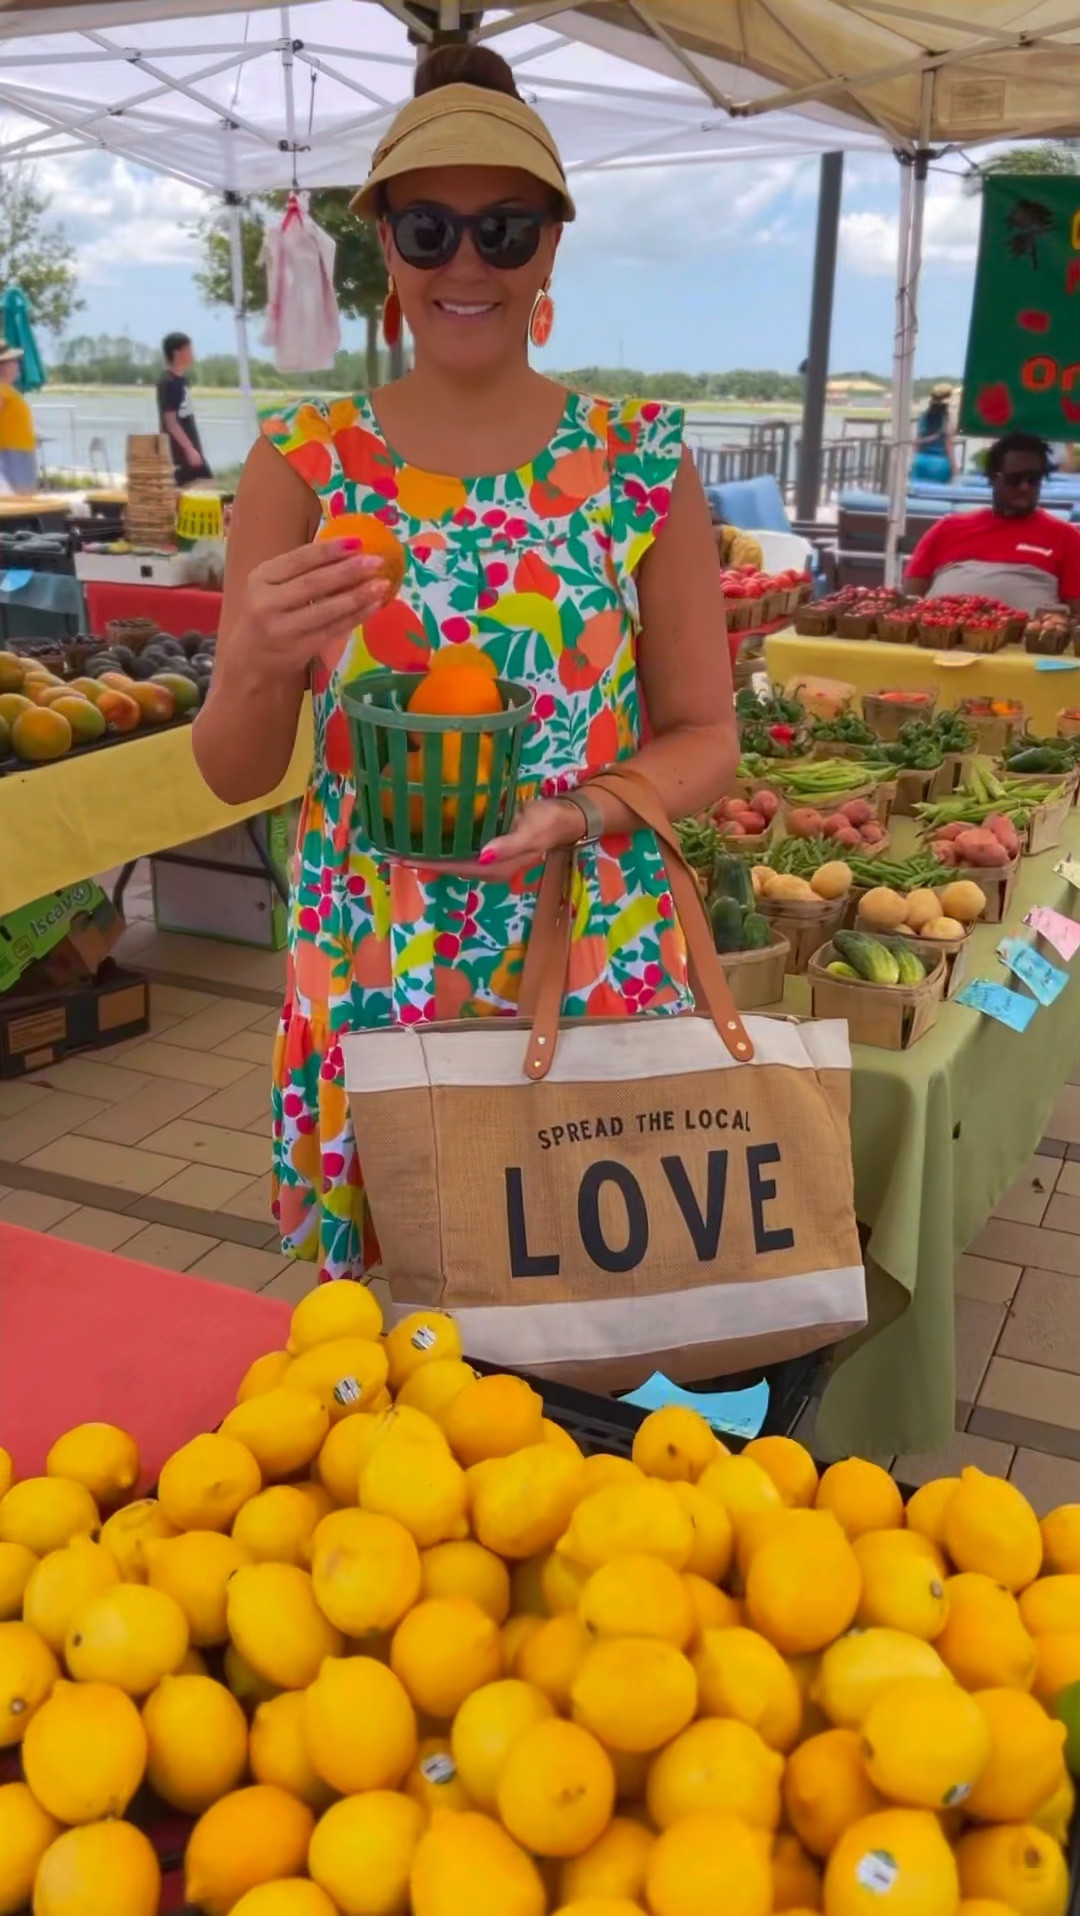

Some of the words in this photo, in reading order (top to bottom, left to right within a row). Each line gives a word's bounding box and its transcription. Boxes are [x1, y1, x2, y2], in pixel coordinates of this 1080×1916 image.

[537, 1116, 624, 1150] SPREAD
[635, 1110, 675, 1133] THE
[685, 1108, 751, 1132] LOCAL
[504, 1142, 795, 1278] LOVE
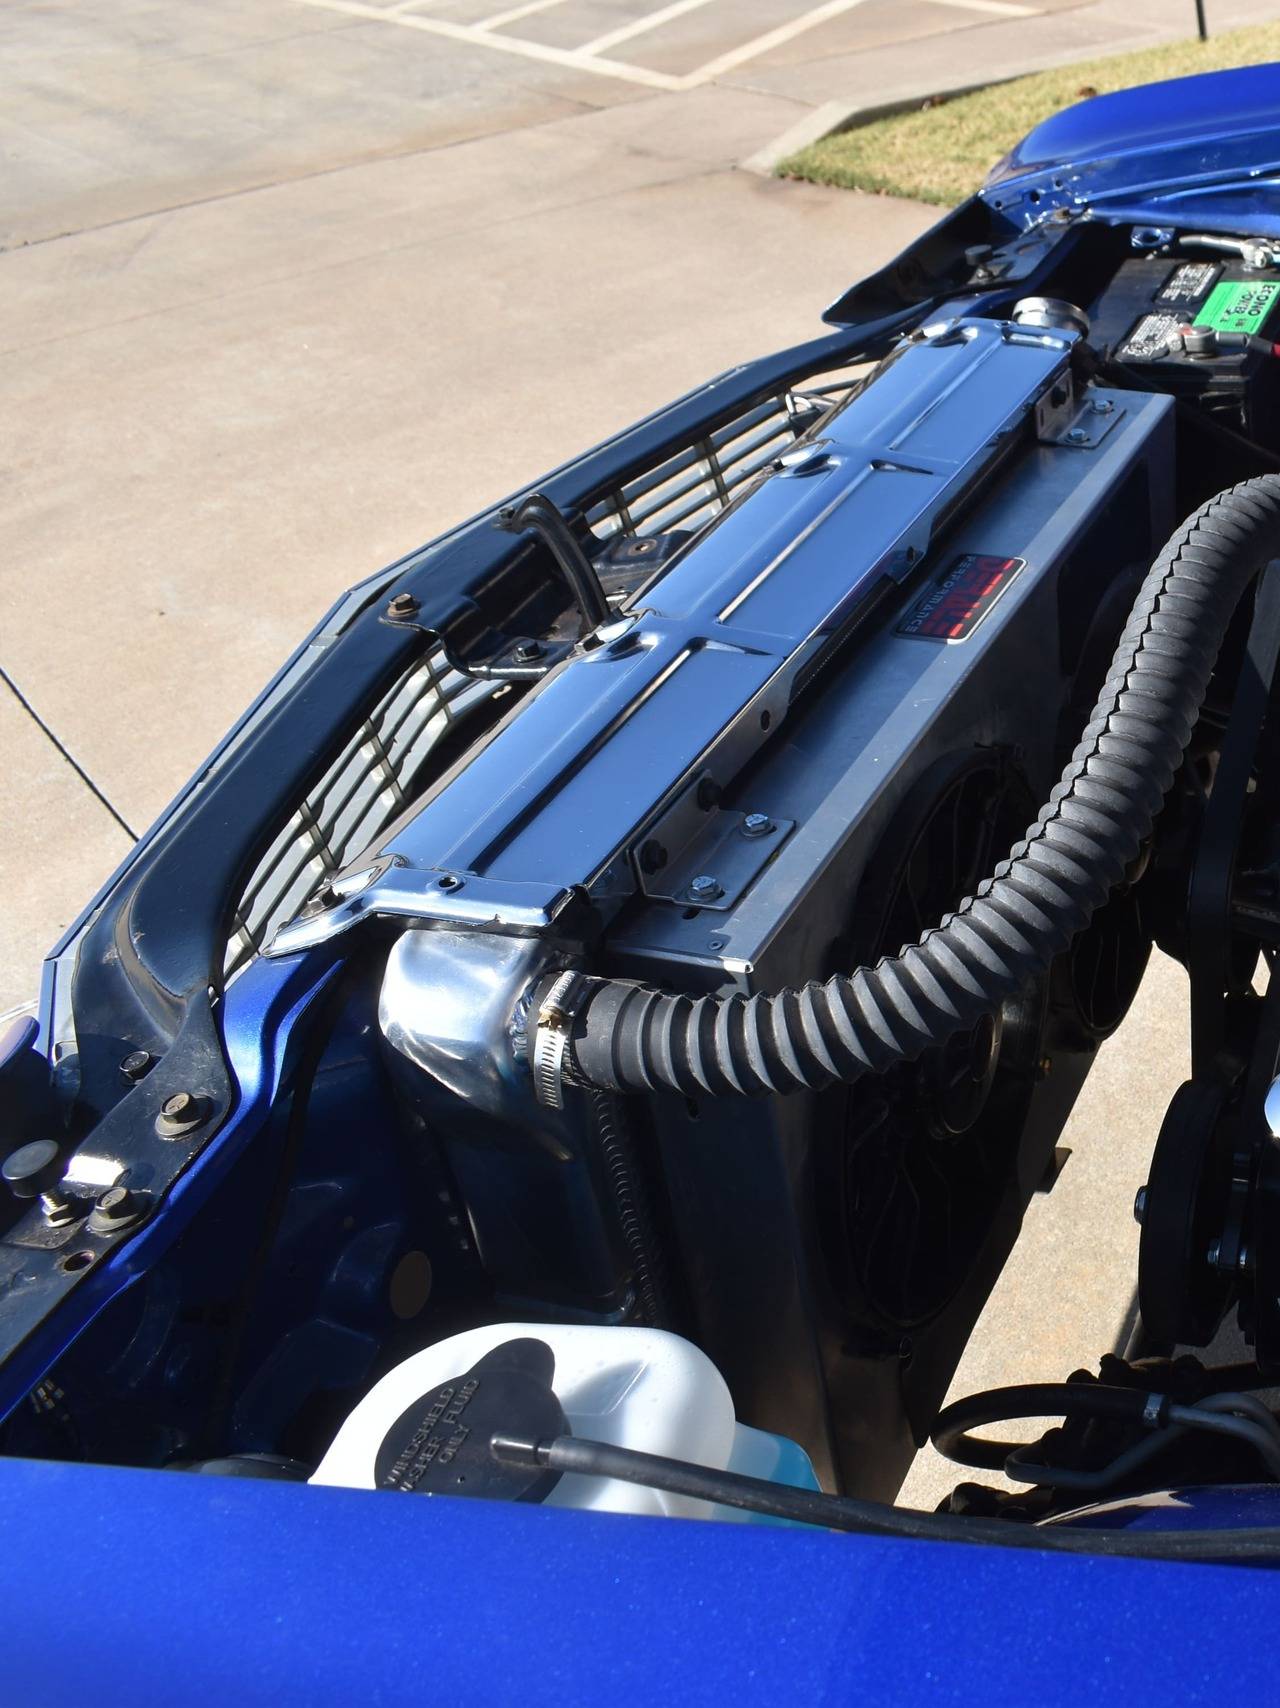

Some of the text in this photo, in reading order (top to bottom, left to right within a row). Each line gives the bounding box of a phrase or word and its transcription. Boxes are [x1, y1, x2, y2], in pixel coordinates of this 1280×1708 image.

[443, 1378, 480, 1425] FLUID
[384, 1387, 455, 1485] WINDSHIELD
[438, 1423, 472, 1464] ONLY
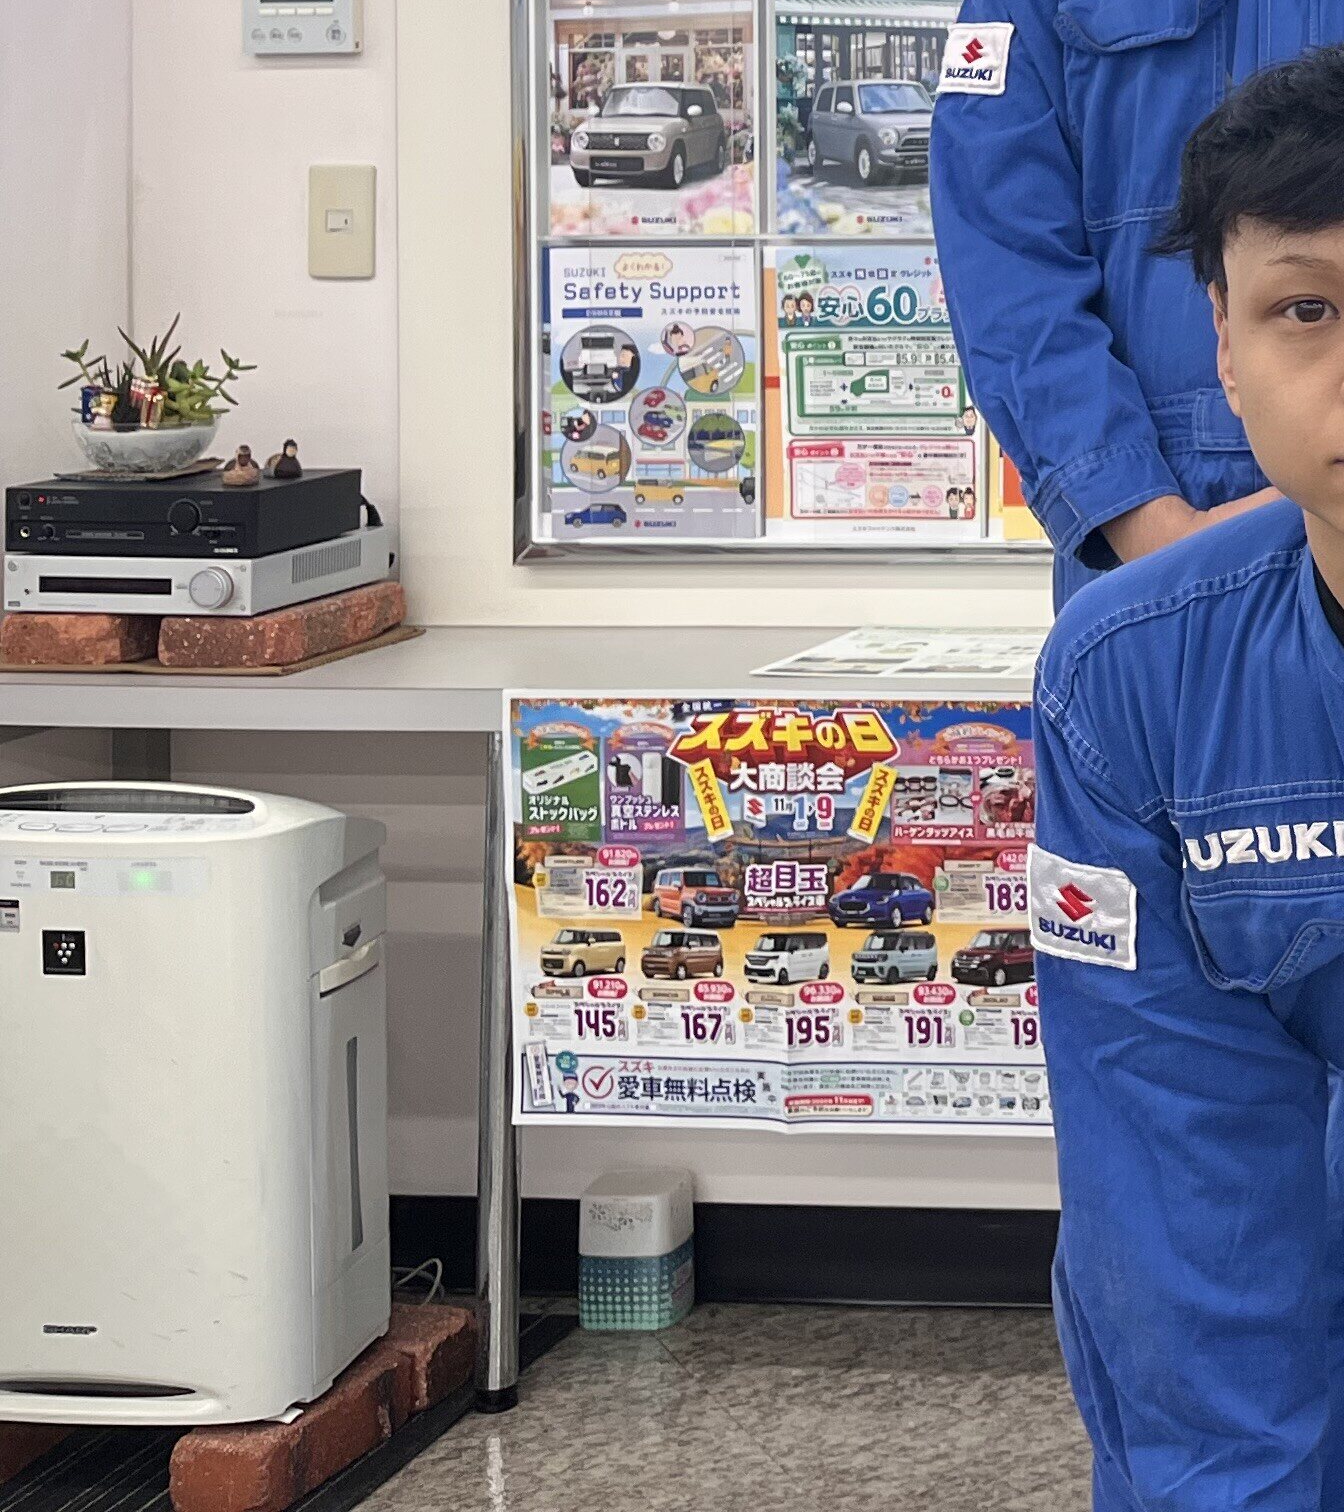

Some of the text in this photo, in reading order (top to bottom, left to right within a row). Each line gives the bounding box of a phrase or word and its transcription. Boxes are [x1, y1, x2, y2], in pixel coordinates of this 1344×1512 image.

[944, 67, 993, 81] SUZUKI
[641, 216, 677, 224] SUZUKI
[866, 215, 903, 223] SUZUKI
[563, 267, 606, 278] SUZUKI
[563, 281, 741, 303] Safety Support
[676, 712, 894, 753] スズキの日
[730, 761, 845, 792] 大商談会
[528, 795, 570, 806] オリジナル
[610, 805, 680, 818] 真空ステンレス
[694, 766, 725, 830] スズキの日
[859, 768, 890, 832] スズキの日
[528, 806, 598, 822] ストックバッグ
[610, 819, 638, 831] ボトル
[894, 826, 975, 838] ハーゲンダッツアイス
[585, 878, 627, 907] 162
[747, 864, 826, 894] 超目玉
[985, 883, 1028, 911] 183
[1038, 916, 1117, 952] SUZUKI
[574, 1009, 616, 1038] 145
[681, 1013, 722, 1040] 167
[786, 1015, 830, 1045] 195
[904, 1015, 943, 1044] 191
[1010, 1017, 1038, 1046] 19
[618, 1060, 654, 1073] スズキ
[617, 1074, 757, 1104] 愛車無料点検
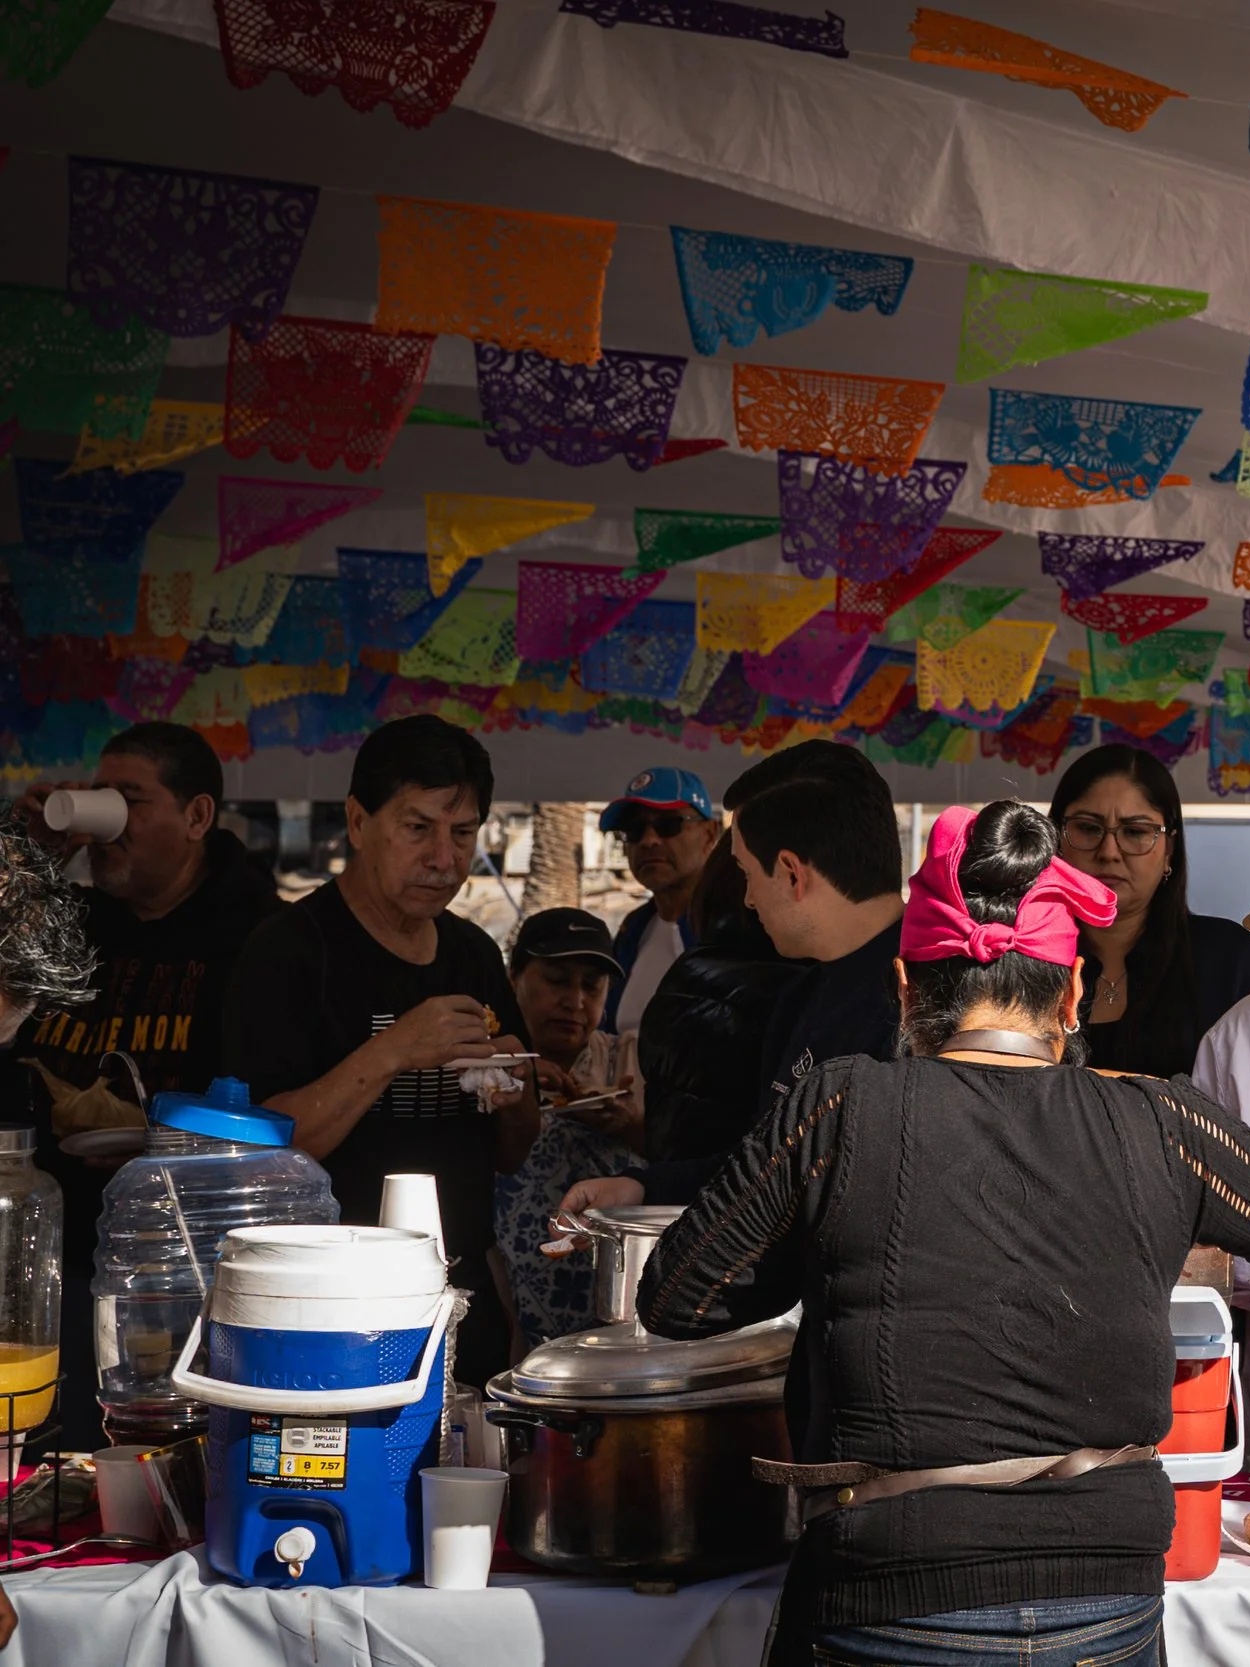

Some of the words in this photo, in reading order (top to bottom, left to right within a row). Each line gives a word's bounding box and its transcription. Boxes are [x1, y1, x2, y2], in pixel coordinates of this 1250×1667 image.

TASK PROMPT: Excluding the images, copy all of the material above verbatim.

EXERCISE ANSWER:
Some of the words in this photo, in reading order (top to bottom, left to right within a row). Each line gives a word's bounding box and its transcription. Boxes are [x1, y1, x2, y2], in pixel coordinates of this 1080×1916 image.

[537, 1116, 624, 1150] SPREAD
[635, 1110, 675, 1133] THE
[685, 1108, 751, 1132] LOCAL
[504, 1142, 795, 1278] LOVE

Some of the text in this photo, in reading order (top to bottom, left to right within a row). Each line gives the bounding box of a phrase or word and its transcription. Boxes are [x1, y1, x2, y2], in pixel coordinates of this 1280×1708 image.

[443, 1378, 480, 1425] FLUID
[384, 1387, 455, 1485] WINDSHIELD
[438, 1423, 472, 1464] ONLY

Some of the text in this photo, in reading order (top to bottom, left to right within a row). Each line gives the bounding box of a phrase or word and its transcription. Boxes are [x1, y1, x2, y2], in pixel coordinates of this 1344×1512 image.

[944, 67, 993, 81] SUZUKI
[641, 216, 677, 224] SUZUKI
[866, 215, 903, 223] SUZUKI
[563, 267, 606, 278] SUZUKI
[563, 281, 741, 303] Safety Support
[676, 712, 894, 753] スズキの日
[730, 761, 845, 792] 大商談会
[528, 795, 570, 806] オリジナル
[610, 805, 680, 818] 真空ステンレス
[694, 766, 725, 830] スズキの日
[859, 768, 890, 832] スズキの日
[528, 806, 598, 822] ストックバッグ
[610, 819, 638, 831] ボトル
[894, 826, 975, 838] ハーゲンダッツアイス
[585, 878, 627, 907] 162
[747, 864, 826, 894] 超目玉
[985, 883, 1028, 911] 183
[1038, 916, 1117, 952] SUZUKI
[574, 1009, 616, 1038] 145
[681, 1013, 722, 1040] 167
[786, 1015, 830, 1045] 195
[904, 1015, 943, 1044] 191
[1010, 1017, 1038, 1046] 19
[618, 1060, 654, 1073] スズキ
[617, 1074, 757, 1104] 愛車無料点検

Some of the words in this photo, in reading order (top to bottom, left to right within a row). Each line gives a word's bounding box and its transcription. Boxes are [x1, y1, x2, y2], in pixel coordinates of this 1250×1667 image.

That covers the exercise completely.